- _DATA FOR THE TASK_
════════════════════

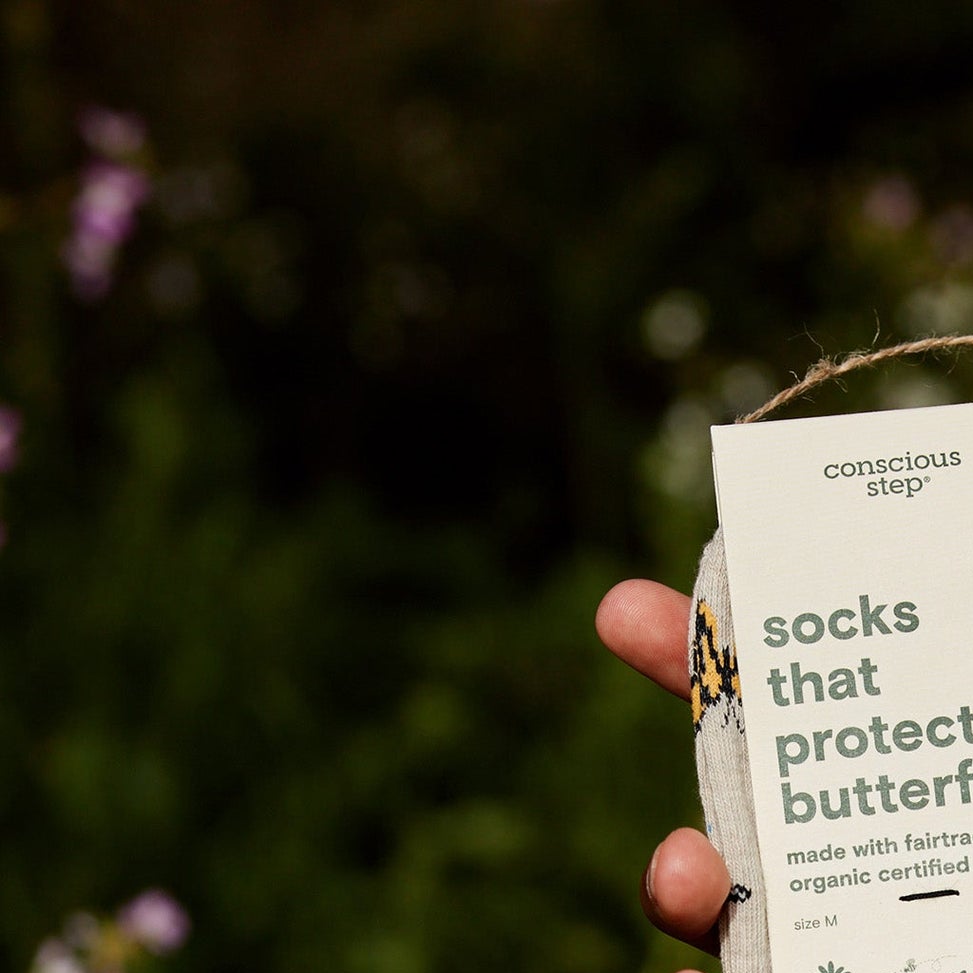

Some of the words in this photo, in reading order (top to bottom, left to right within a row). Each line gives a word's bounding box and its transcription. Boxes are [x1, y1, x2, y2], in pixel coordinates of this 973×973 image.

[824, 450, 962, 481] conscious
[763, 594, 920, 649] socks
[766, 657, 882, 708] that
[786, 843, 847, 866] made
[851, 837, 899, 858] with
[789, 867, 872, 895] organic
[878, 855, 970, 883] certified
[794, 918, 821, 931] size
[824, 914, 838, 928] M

════════════════════

Only the text of the records above, copied exactly, should be returned; the pictures stay out.

Some of the words in this photo, in reading order (top to bottom, left to right within a row). Each line gives a word's bounding box and its transcription. Boxes are [x1, y1, x2, y2], in pixel coordinates of this 973×973 image.

[824, 450, 962, 481] conscious
[763, 594, 920, 649] socks
[766, 657, 882, 708] that
[786, 843, 847, 866] made
[851, 837, 899, 858] with
[789, 867, 872, 895] organic
[878, 855, 970, 883] certified
[794, 918, 821, 931] size
[824, 914, 838, 928] M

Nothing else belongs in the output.